Posted: April 19th, 2023
The Aggregate Supply/Aggregate Demand model
The Aggregate Supply/Aggregate Demand model and the microeconomic analysis of demand and supply in particular markets for goods, services, labour and capital have superficial resemblance but they also have many underlying differences. Using relevant examples where applicable, outline and discuss these differences. [12 marks)
The Aggregate Supply/Aggregate Demand (AS/AD) model and microeconomic analysis of demand and supply in particular markets share similarities in terms of their use of supply and demand curves to explain price and quantity outcomes. However, there are significant differences between these two models.
One key difference is that the AS/AD model considers the economy as a whole, while microeconomic analysis focuses on specific markets. In the AS/AD model, the aggregate demand and supply curves represent the total demand and supply for all goods and services in an economy, while microeconomic analysis examines the demand and supply for specific goods or services.
Another difference is that the AS/AD model incorporates macroeconomic variables such as inflation, unemployment, and economic growth, while microeconomic analysis does not. The AS/AD model shows how changes in these variables can impact the overall economy, while microeconomic analysis typically focuses on how changes in price and quantity affect individual markets.
In addition, the AS/AD model assumes that prices and wages are flexible and can adjust quickly to changes in supply and demand, while microeconomic analysis recognizes that prices and wages can be sticky and slow to adjust in the short term. For example, in a particular market for labor, wages may be slow to adjust to changes in supply and demand due to factors such as minimum wage laws or labor union contracts.

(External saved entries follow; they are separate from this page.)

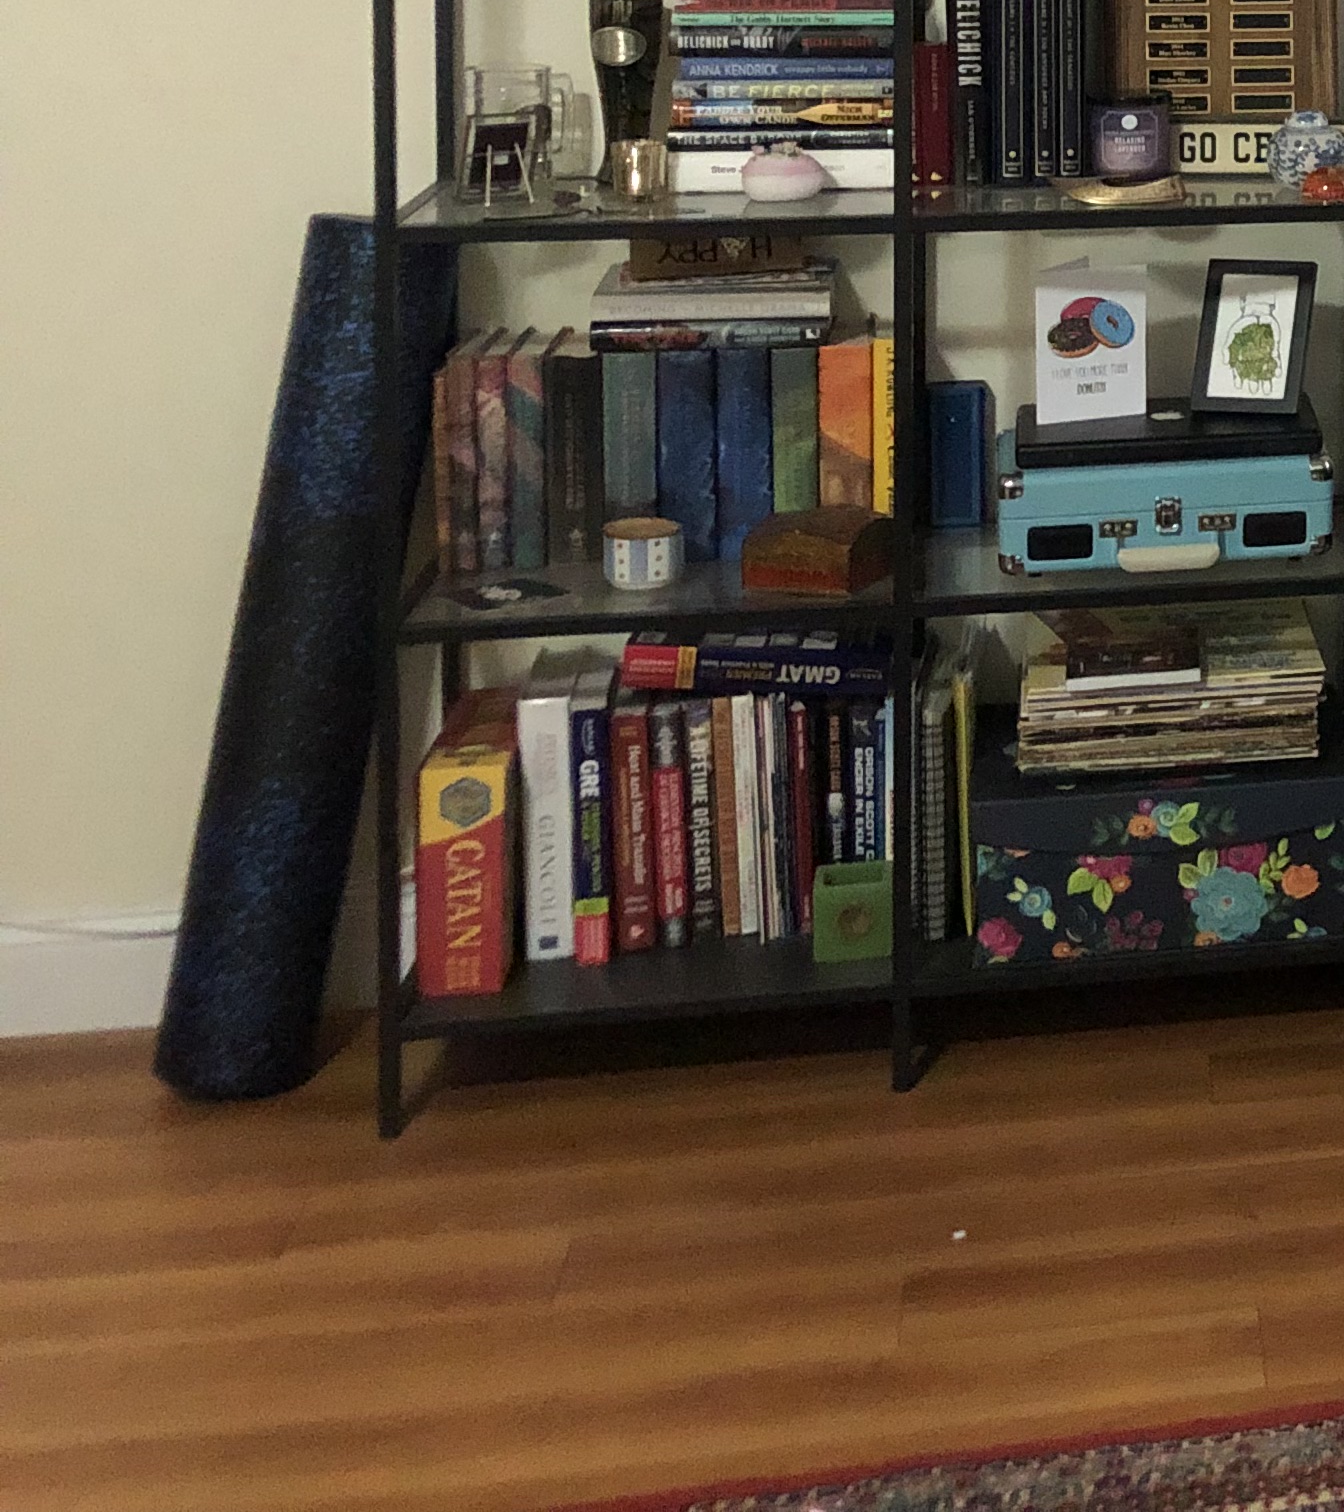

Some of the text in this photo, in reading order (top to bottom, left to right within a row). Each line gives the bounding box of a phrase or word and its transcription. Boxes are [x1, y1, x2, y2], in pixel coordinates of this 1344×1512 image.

[689, 63, 779, 76] ANNA KENDRICK
[713, 84, 835, 99] BE FIERCE
[704, 134, 745, 145] SPACE
[1179, 131, 1218, 164] GO
[711, 165, 737, 174] Steve
[775, 663, 842, 685] GMAT
[628, 744, 643, 775] Heat
[690, 740, 707, 804] LIFETIME
[865, 746, 875, 797] ORSON
[578, 759, 600, 798] GRE
[629, 776, 644, 800] and
[854, 746, 865, 856] ENDER IN EXILE
[864, 800, 875, 847] SCOTT
[694, 829, 712, 892] SECRETS
[445, 839, 485, 950] CATAN
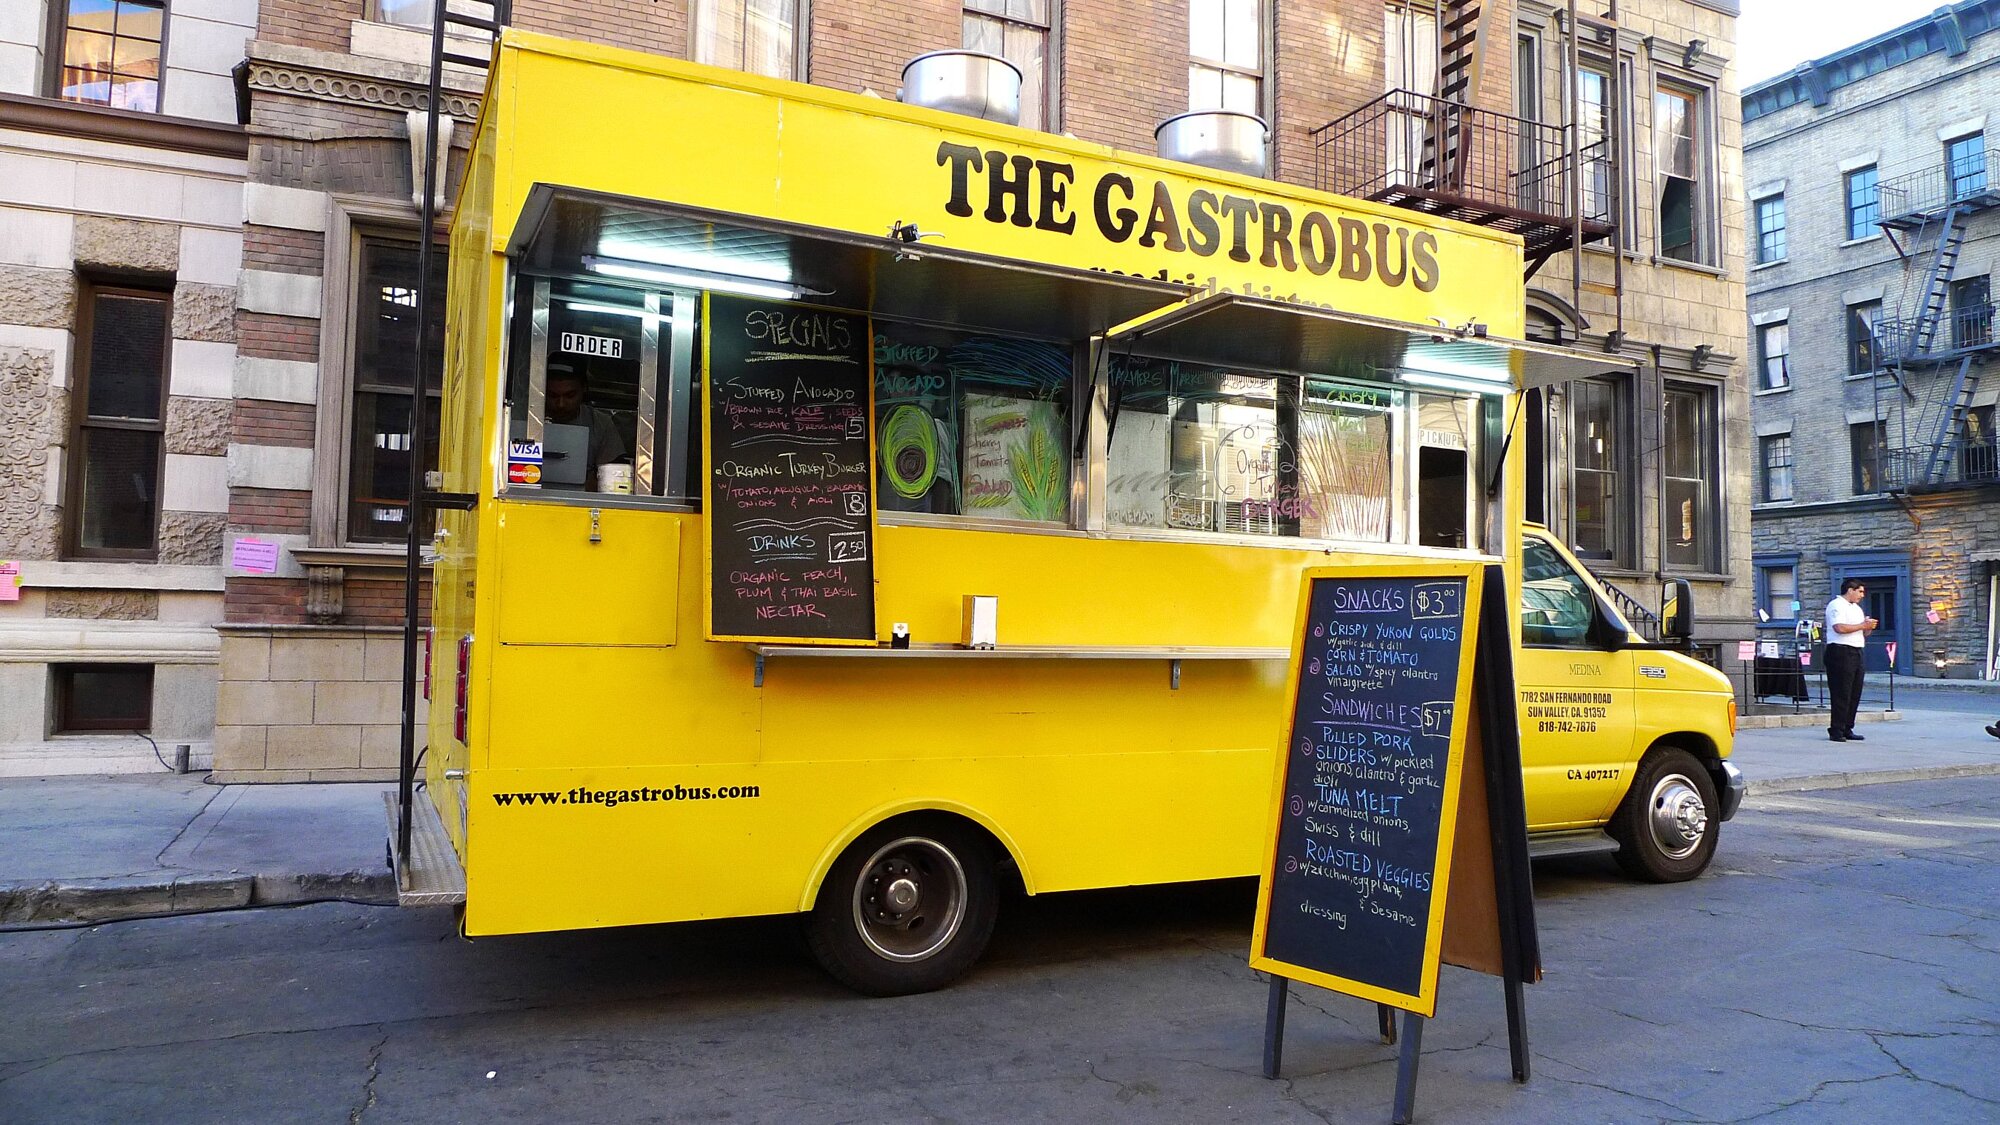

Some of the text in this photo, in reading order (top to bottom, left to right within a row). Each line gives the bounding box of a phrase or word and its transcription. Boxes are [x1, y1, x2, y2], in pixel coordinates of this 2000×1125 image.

Lastly, the AS/AD model assumes that the economy is operating at full employment and potential output, while microeconomic analysis recognizes that markets can be characterized by imperfect competition and market failures, which can lead to suboptimal outcomes.
As such, while both the AS/AD model and microeconomic analysis use supply and demand curves to explain price and quantity outcomes, they differ in their scope, consideration of macroeconomic variables, treatment of price and wage flexibility, and assumptions about market characteristics.
Mankiw, N. G. (2020). Principles of macroeconomics (9th ed.). Cengage Learning.
Pindyck, R. S., & Rubinfeld, D. L. (2021). Microeconomics (10th ed.). Pearson.